[SPARK-31256][SQL] DataFrameNaFunctions.drop should work for nested columns by imback82 · Pull Request #28266 · apache/spark

imback82 · 2020-04-19T21:27:18Z

What changes were proposed in this pull request?

#26700 removed the ability to drop a row whose nested column value is null.

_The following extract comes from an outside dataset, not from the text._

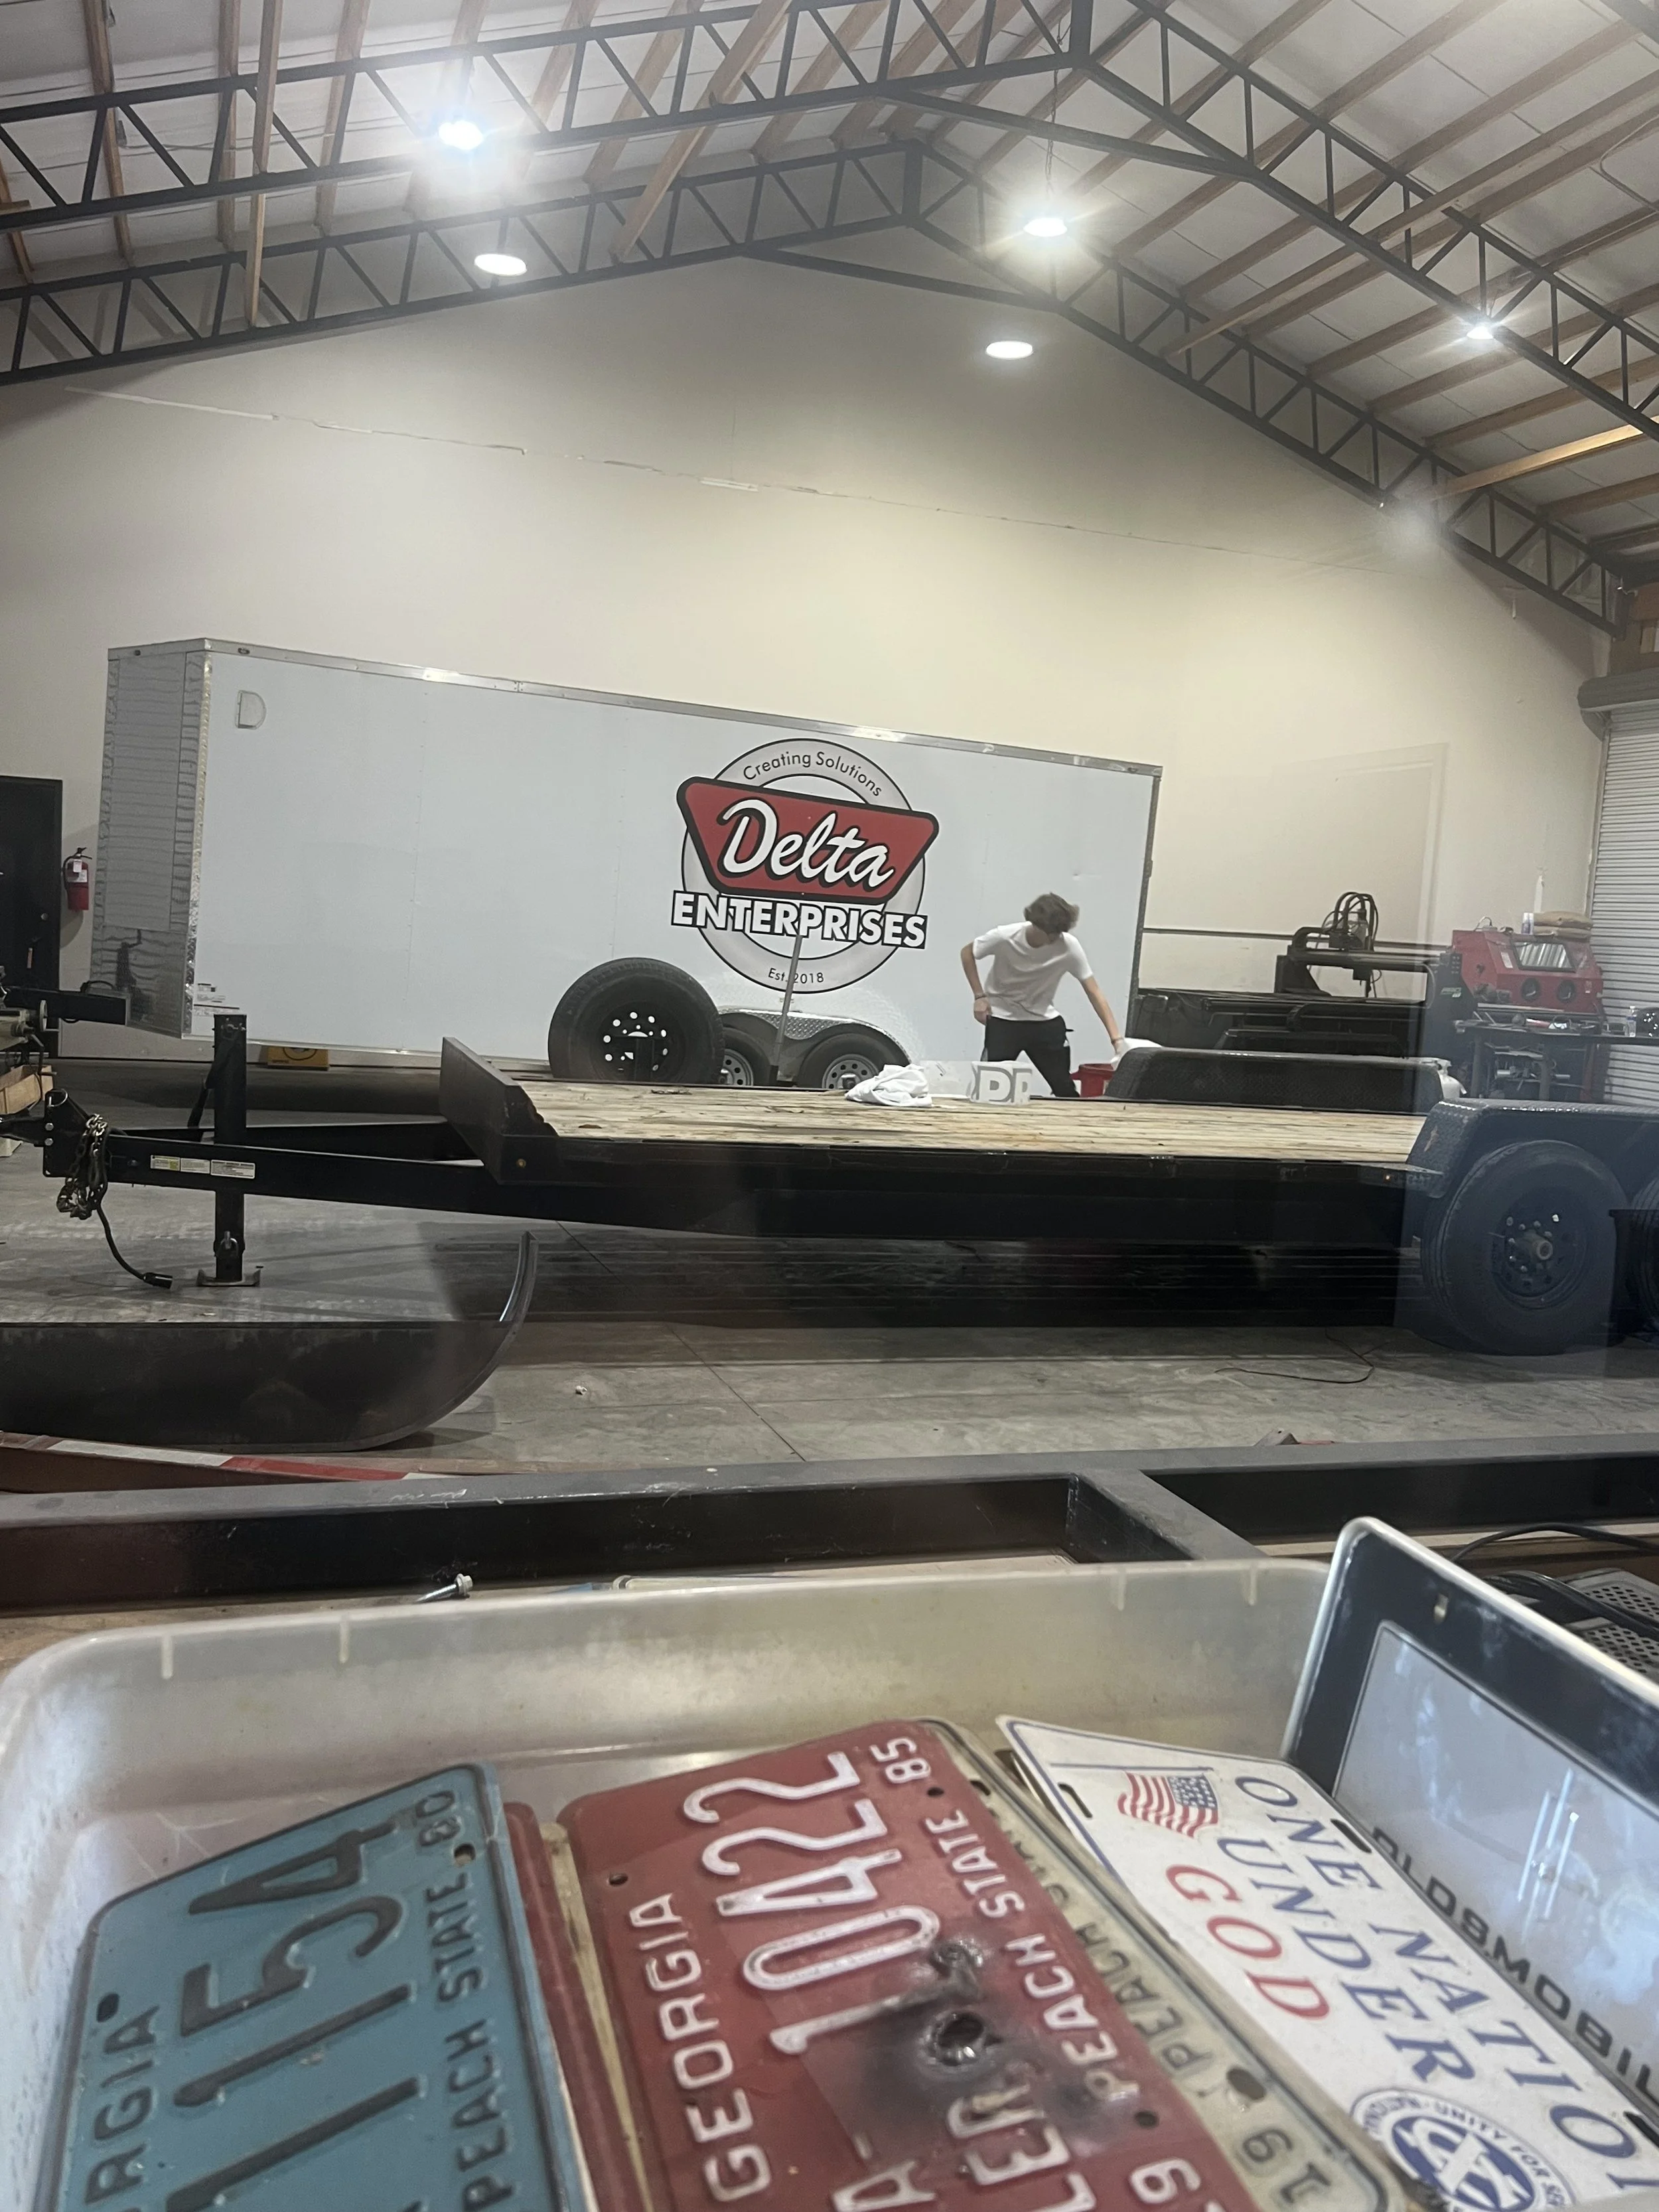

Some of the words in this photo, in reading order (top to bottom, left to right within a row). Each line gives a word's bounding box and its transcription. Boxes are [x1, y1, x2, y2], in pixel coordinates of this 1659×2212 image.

For example, for the following df:

val schema = new StructType()
  .add("c1", new StructType()
    .add("c1-1", StringType)
    .add("c1-2", StringType))
val data = Seq(Row(Row(null, "a2")), Row(Row("b1", "b2")), Row(null))
val df = spark.createDataFrame(spark.sparkContext.parallelize(data), schema)
df.show
+--------+
|      c1|
+--------+
|  [, a2]|
|[b1, b2]|
|    null|
+--------+

In Spark 2.4.4,

df.na.drop("any", Seq("c1.c1-1")).show
+--------+
|      c1|
+--------+
|[b1, b2]|
+--------+

In Spark 2.4.5 or Spark 3.0.0-preview2, if nested columns are specified, they are ignored.

df.na.drop("any", Seq("c1.c1-1")).show
+--------+
|      c1|
+--------+
|  [, a2]|
|[b1, b2]|
|    null|
+--------+

Why are the changes needed?

This seems like a regression.

Does this PR introduce any user-facing change?

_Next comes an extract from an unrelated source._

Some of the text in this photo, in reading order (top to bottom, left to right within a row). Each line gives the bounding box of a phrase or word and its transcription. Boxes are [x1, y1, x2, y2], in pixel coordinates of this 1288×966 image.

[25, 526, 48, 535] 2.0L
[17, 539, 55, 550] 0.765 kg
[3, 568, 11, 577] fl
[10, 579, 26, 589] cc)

Now, the nested column can be specified:

df.na.drop("any", Seq("c1.c1-1")).show
+--------+
|      c1|
+--------+
|[b1, b2]|
+--------+

Also, if * is specified as a column, it will throw an AnalysisException that * cannot be resolved, which was the behavior in 2.4.4. Currently, in master, it has no effect.

How was this patch tested?

Updated existing tests.

imback82 · 2020-04-19T21:30:13Z

sql/core/src/test/scala/org/apache/spark/sql/DataFrameNaFunctionsSuite.scala

+    val exception = intercept[AnalysisException] {
+      df.na.drop("any", Seq("*"))
+    }
+    assert(exception.getMessage.contains("Cannot resolve column name \"*\""))


Note that this was the behavior in Spark 2.4.4. We can handle this more gracefully (e.g., use outputAttributes) if we need to.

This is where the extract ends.